Ein Audio Kompressor kann dazu genutzt werden, Transienten in einer Audiospur zu manipulieren, indem er diese Spitzen dämpft oder akzentuiert.

Wählt man eine lange Attack-Zeit, greift der Kompressor später ein, sodass die ersten Transienten des Klangs durchgelassen werden. Wenn man dann komprimiert und die Lautstärke ausgleicht, werden diese Transienten lauter, während der Rest des Tons komprimiert wird.

Auf diese Weise werden die Anfangstransienten effektiv angehoben und betont. Diese Technik wird gerne bei Drum-Tracks (insbesondere Kick und Snare) eingesetzt, um diesen mehr „Punch“ zu verleihen.

Das funktioniert aber auch umgekehrt: Wählt man eine schnelle Attack-Zeit, werden die Anfangstransienten mit eingefangen und reduziert. Das nimmt dem Sound zwar etwas von seinem „Punch“, was man eigentlich nicht möchte, aber in manchen Situationen ist es hilfreich. Zum Beispiel bei Gitarren, die zu „spitz“ klingen und mehr in den Hintergrund treten sollen.

Wie stelle ich den Audio Kompressor ein?

Als Erstes sollte man sich überlegen, warum man den Kompressor einsetzt und was man damit erreichen will. Denn je nach Ziel sind unterschiedliche Einstellungen notwendig.

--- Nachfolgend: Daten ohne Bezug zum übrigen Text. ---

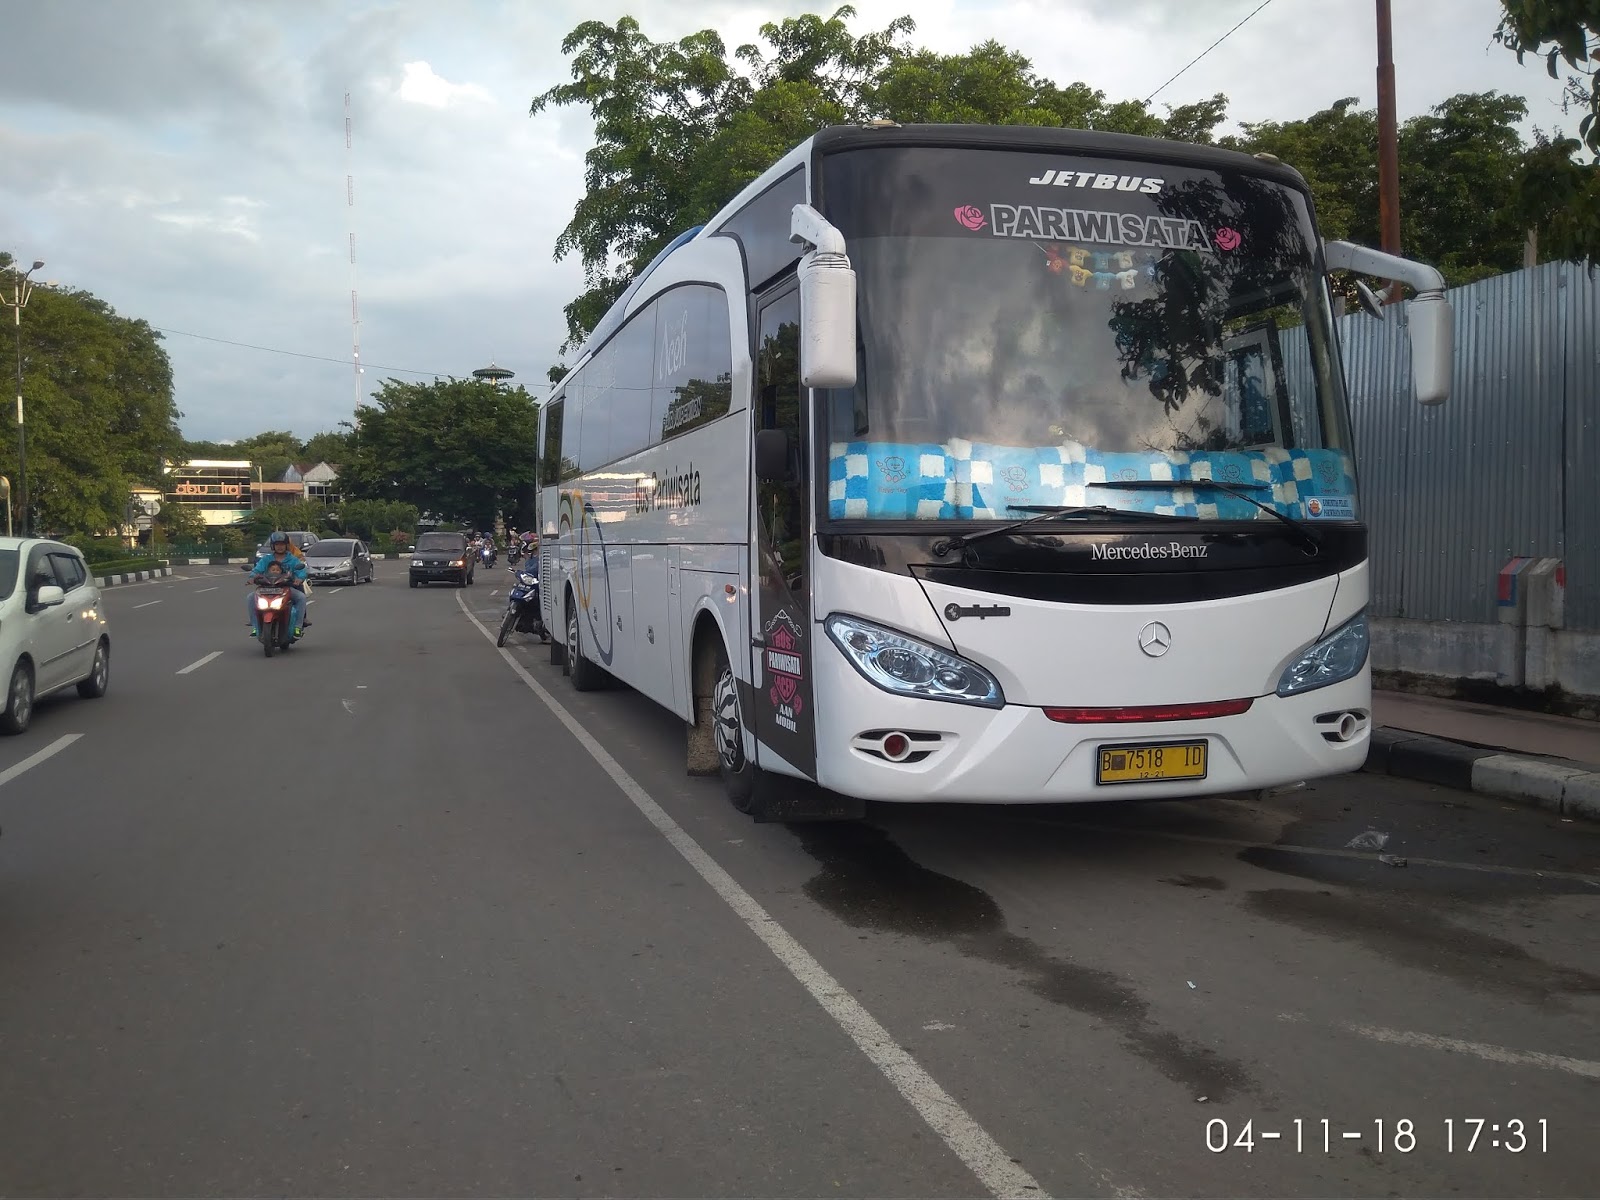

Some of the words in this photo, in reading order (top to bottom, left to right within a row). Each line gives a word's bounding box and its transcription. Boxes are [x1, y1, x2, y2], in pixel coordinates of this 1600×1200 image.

[1029, 170, 1165, 194] JETBUS
[990, 203, 1213, 251] PARIWISATA
[651, 461, 701, 512] Pariwisata
[1091, 542, 1208, 560] Mercedes-Benz
[775, 631, 792, 650] BUS
[768, 651, 801, 675] PARIWISATA
[775, 713, 798, 733] MOBIL
[780, 704, 793, 719] AAN
[1103, 752, 1112, 771] B
[1126, 749, 1163, 769] 7518
[1185, 746, 1202, 766] ID
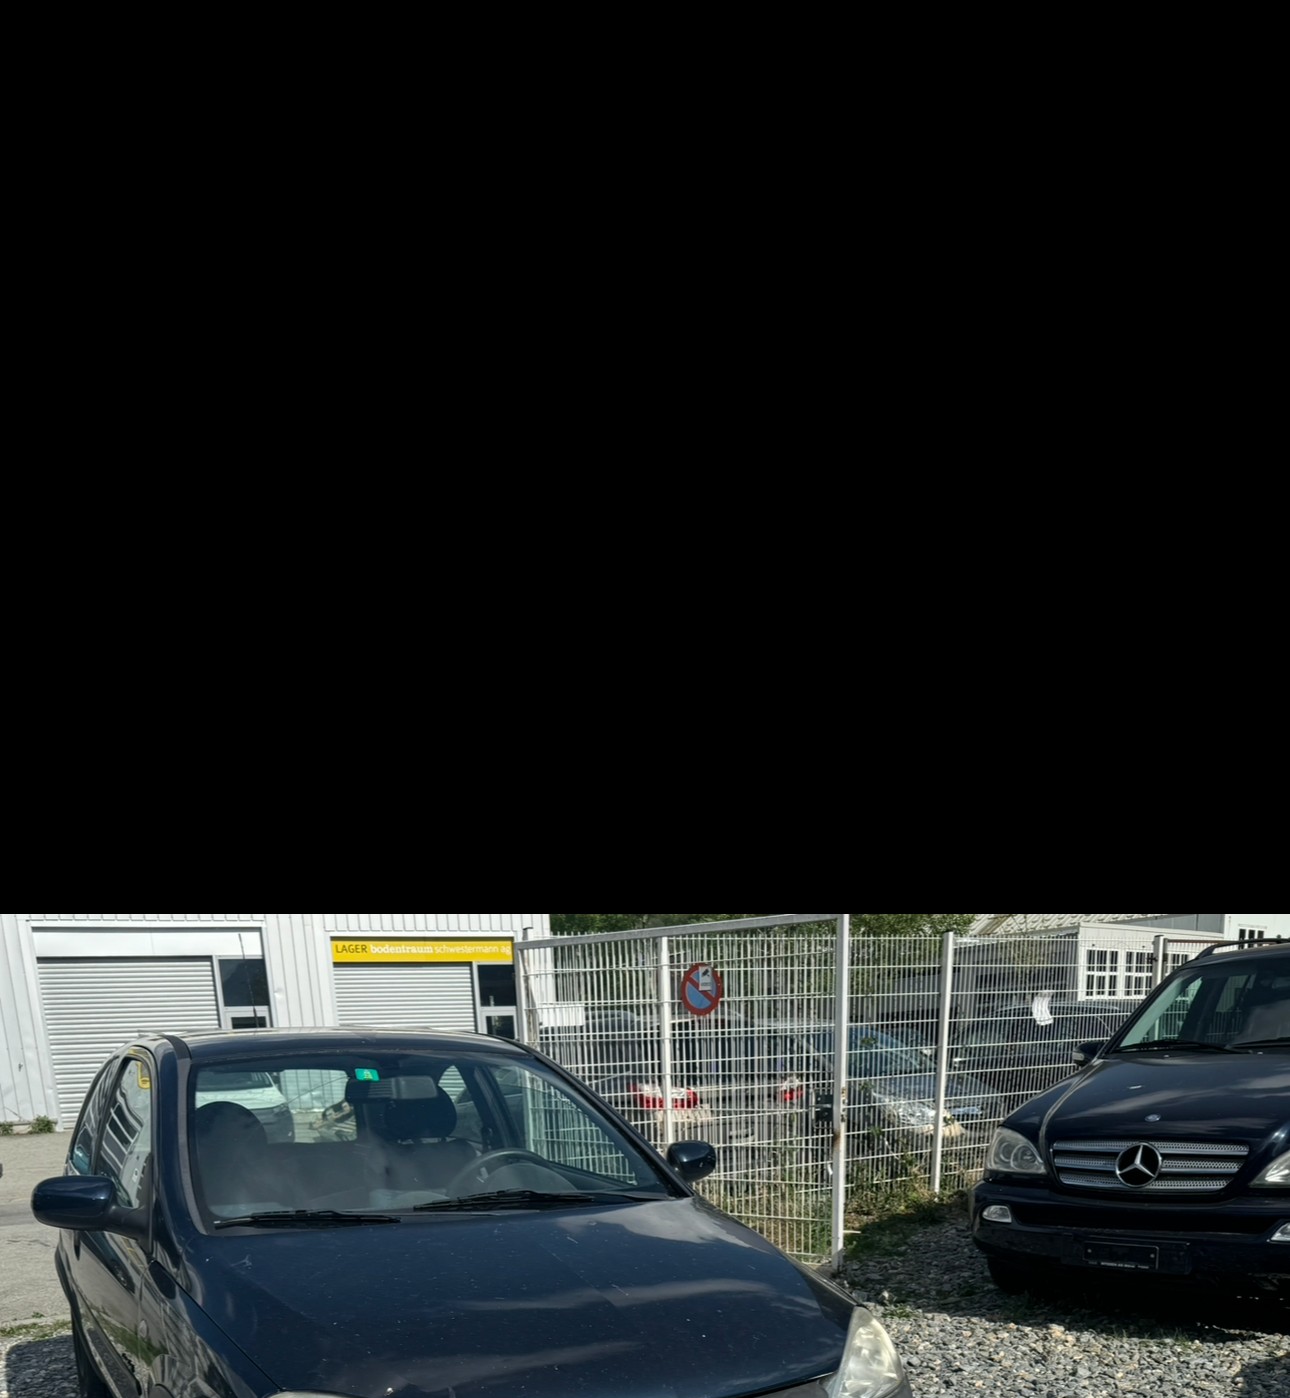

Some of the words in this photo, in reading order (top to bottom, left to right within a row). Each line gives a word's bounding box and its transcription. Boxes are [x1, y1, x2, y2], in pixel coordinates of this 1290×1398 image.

[335, 944, 368, 954] LAGER
[370, 944, 433, 954] bodentraum
[435, 944, 499, 954] schwestermann
[501, 946, 511, 956] ag
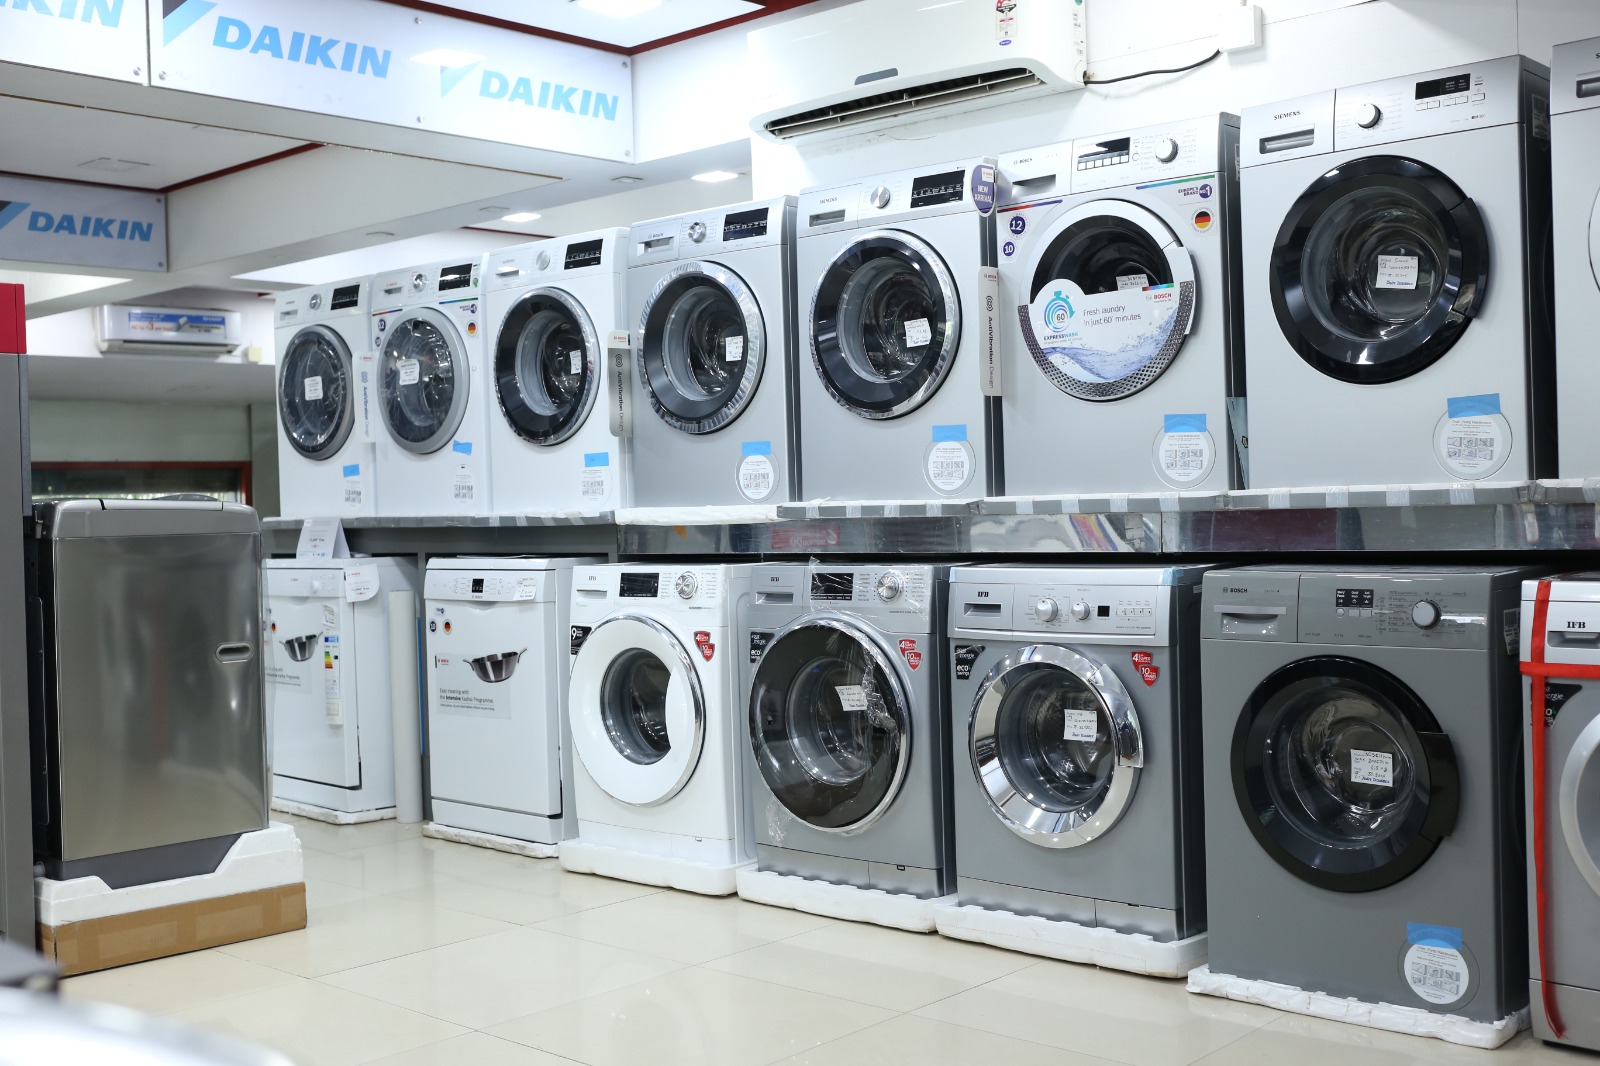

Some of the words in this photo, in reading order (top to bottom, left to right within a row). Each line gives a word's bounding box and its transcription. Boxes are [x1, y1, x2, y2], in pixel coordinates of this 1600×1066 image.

Hier sind einige Situationen, in denen ein Kompressor nützlich ist, und die verschiedenen Einstellungen, die du dafür benötigst.

Kompression der Vocals für einen homogenen Klang

Bei Pop-, Rock- oder Hip-Hop-Musik werden die Vocals meist komprimiert, um einen homogenen Klang über den gesamten Track zu erreichen. Dazu wird in der Regel eine mittlere Attackzeit und eine schnelle Releasezeit gewählt, um die Transienten der Stimme möglichst wenig zu verändern.

CLA-76 Einstellungen für Vocal-Compression
CLA-76 Einstellungen für Vocal-Compression

Dann drehe den Threshhold langsam runter, bis die gewünschte Kompression erreicht ist. Wenn die Vocals viel Kompression brauchen, empfehle ich, mehrere Kompressoren hintereinander zu schalten, sodass jeder 3-4 dB Gain reduziert. Das klingt natürlicher, als wenn man nur einen Kompressor hat, der 8 dB Gain reduziert.

Es ist auch empfehlenswert, ein niedriges Ratio (z.B. 2:1 oder 4:1) und einen etwas niedrigeren Threshold zu wählen, um die gewünschte Kompression zu erreichen – dies klingt auch natürlicher als die gleiche Menge an Kompression mit einem höheren Ratio und einem höheren Threshold.

Anschließend musst du die Lautstärke mit Makeup Gain ausgleichen, um die Stimme wieder auf den für deinen Mix erforderlichen Pegel zu bringen.

Diese Technik kann auch für Gitarren, Klaviere oder andere Instrumente angewendet werden, die in der Lautstärke homogener klingen sollen.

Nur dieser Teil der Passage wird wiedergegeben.